══ Exercise data ══
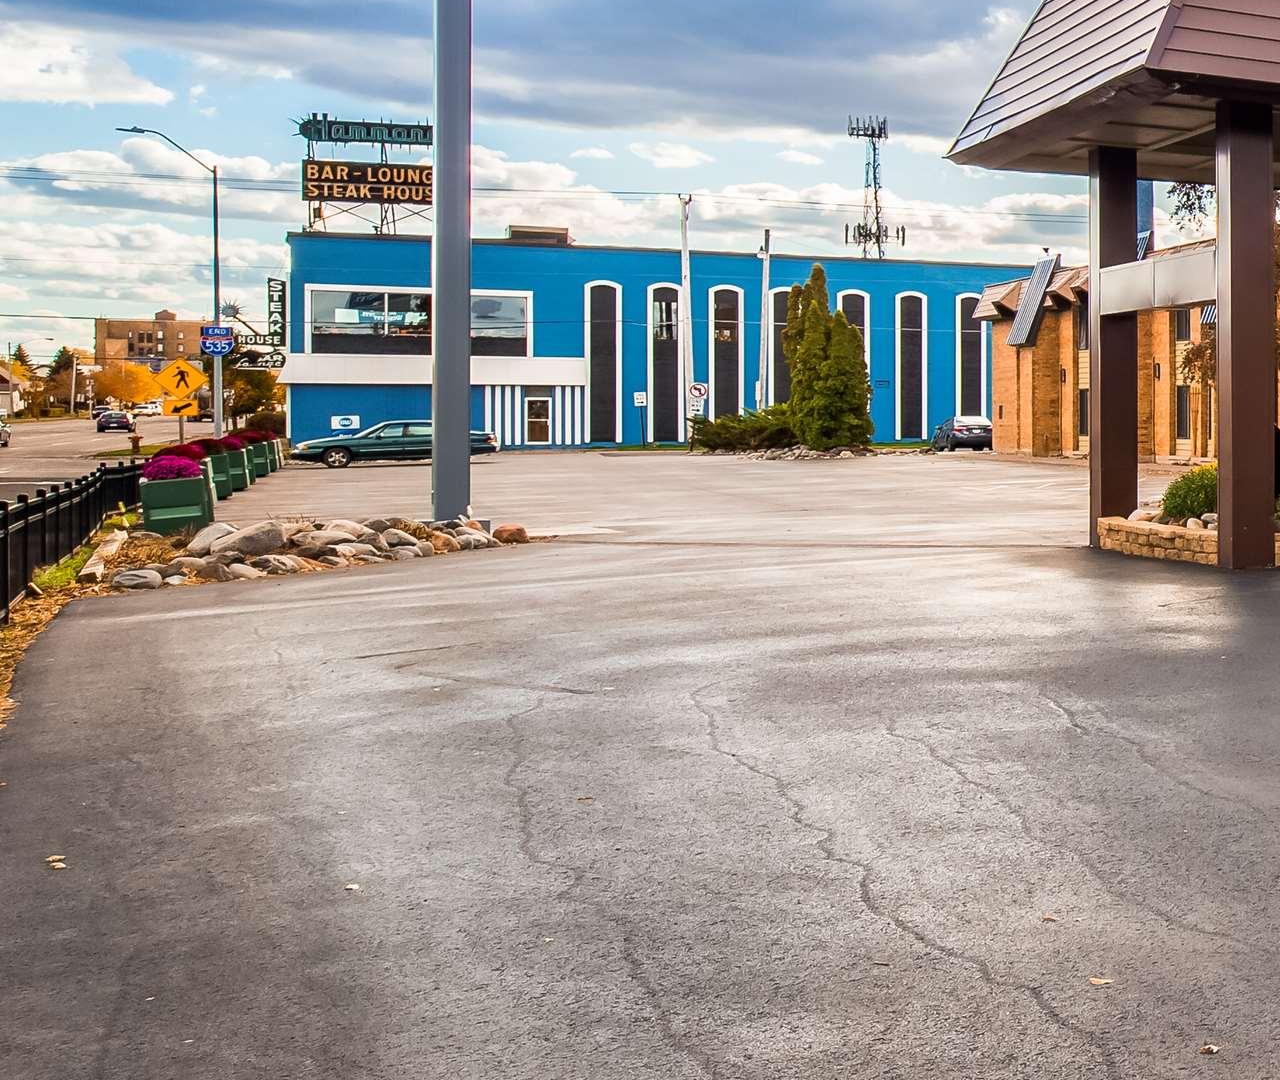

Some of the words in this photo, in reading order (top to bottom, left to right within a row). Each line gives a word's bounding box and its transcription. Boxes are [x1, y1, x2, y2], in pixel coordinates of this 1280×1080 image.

[306, 113, 433, 144] Hammon
[307, 183, 372, 199] STEAK
[383, 185, 433, 202] HOUS
[269, 280, 283, 333] STEAK
[205, 340, 229, 352] 535
[238, 335, 281, 345] HOUSE
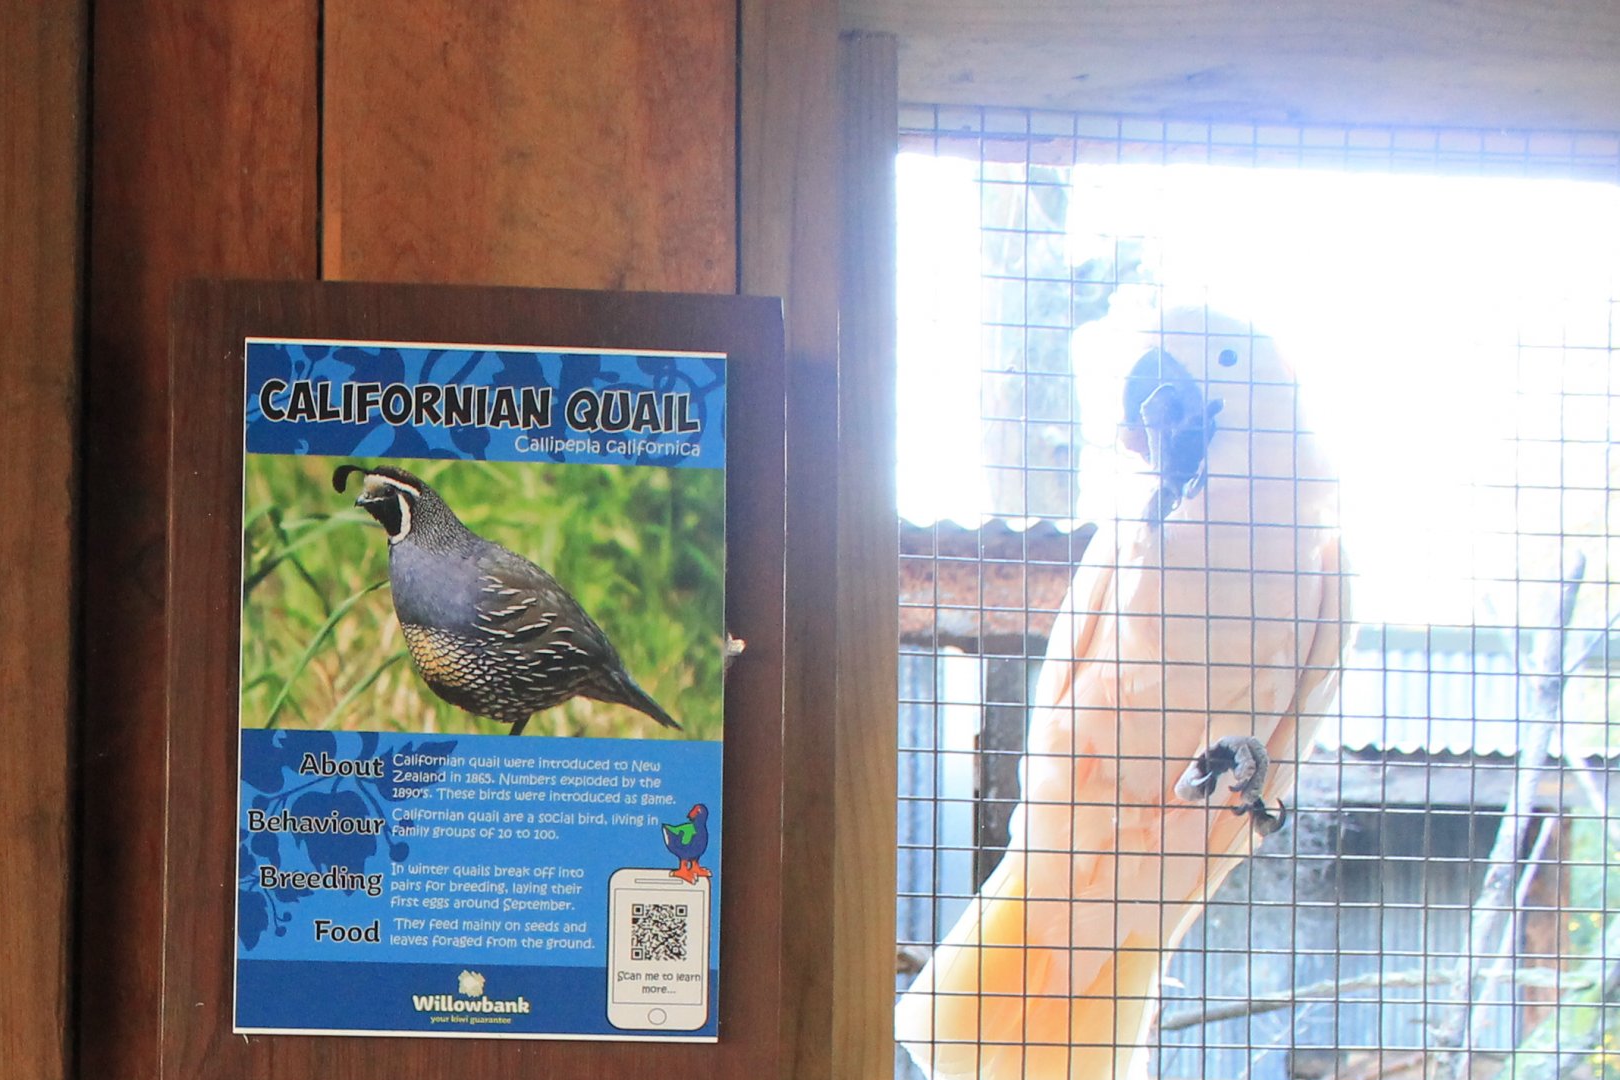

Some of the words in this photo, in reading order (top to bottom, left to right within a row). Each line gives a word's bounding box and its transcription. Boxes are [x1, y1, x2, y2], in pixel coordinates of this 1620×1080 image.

[258, 377, 552, 429] CALIFORNIAN
[565, 388, 701, 435] QUAIL
[514, 435, 601, 455] Callipepla
[605, 437, 701, 457] californica
[299, 751, 384, 778] About
[392, 754, 465, 767] Californian
[468, 755, 501, 769] quail
[503, 757, 535, 769] were
[538, 757, 610, 771] introduced
[613, 760, 629, 772] to
[631, 759, 661, 772] New
[392, 770, 446, 783] Zealand
[449, 772, 462, 783] in
[465, 773, 496, 784] 1865.
[498, 773, 557, 786] Numbers
[560, 774, 619, 788] exploded
[621, 776, 637, 789] by
[639, 777, 662, 789] the
[247, 809, 386, 835] Behaviour
[258, 865, 383, 897] Breeding
[390, 896, 420, 909] first
[422, 897, 450, 910] eggs
[453, 897, 500, 910] around
[502, 897, 576, 912] September.
[313, 918, 381, 944] Food
[389, 935, 429, 947] leaves
[431, 935, 483, 948] foraged
[485, 936, 517, 948] from
[521, 936, 543, 949] the
[546, 937, 596, 951] ground.
[617, 971, 642, 983] Scan
[644, 972, 660, 982] me
[661, 972, 674, 982] to
[675, 972, 701, 983] learn
[641, 985, 676, 995] more...
[412, 995, 531, 1014] Willowbank
[429, 1016, 450, 1025] your
[450, 1014, 469, 1024] kiwi
[470, 1016, 512, 1026] guarantee
═══
Your answer must be an exact copy of the entries above, with no pictures in it.

* Exercise response *
Some of the words in this photo, in reading order (top to bottom, left to right within a row). Each line gives a word's bounding box and its transcription. Boxes are [x1, y1, x2, y2], in pixel coordinates of this 1280×1080 image.

[306, 113, 433, 144] Hammon
[307, 183, 372, 199] STEAK
[383, 185, 433, 202] HOUS
[269, 280, 283, 333] STEAK
[205, 340, 229, 352] 535
[238, 335, 281, 345] HOUSE

Some of the words in this photo, in reading order (top to bottom, left to right within a row). Each line gives a word's bounding box and its transcription. Boxes are [x1, y1, x2, y2], in pixel coordinates of this 1620×1080 image.

[258, 377, 552, 429] CALIFORNIAN
[565, 388, 701, 435] QUAIL
[514, 435, 601, 455] Callipepla
[605, 437, 701, 457] californica
[299, 751, 384, 778] About
[392, 754, 465, 767] Californian
[468, 755, 501, 769] quail
[503, 757, 535, 769] were
[538, 757, 610, 771] introduced
[613, 760, 629, 772] to
[631, 759, 661, 772] New
[392, 770, 446, 783] Zealand
[449, 772, 462, 783] in
[465, 773, 496, 784] 1865.
[498, 773, 557, 786] Numbers
[560, 774, 619, 788] exploded
[621, 776, 637, 789] by
[639, 777, 662, 789] the
[247, 809, 386, 835] Behaviour
[258, 865, 383, 897] Breeding
[390, 896, 420, 909] first
[422, 897, 450, 910] eggs
[453, 897, 500, 910] around
[502, 897, 576, 912] September.
[313, 918, 381, 944] Food
[389, 935, 429, 947] leaves
[431, 935, 483, 948] foraged
[485, 936, 517, 948] from
[521, 936, 543, 949] the
[546, 937, 596, 951] ground.
[617, 971, 642, 983] Scan
[644, 972, 660, 982] me
[661, 972, 674, 982] to
[675, 972, 701, 983] learn
[641, 985, 676, 995] more...
[412, 995, 531, 1014] Willowbank
[429, 1016, 450, 1025] your
[450, 1014, 469, 1024] kiwi
[470, 1016, 512, 1026] guarantee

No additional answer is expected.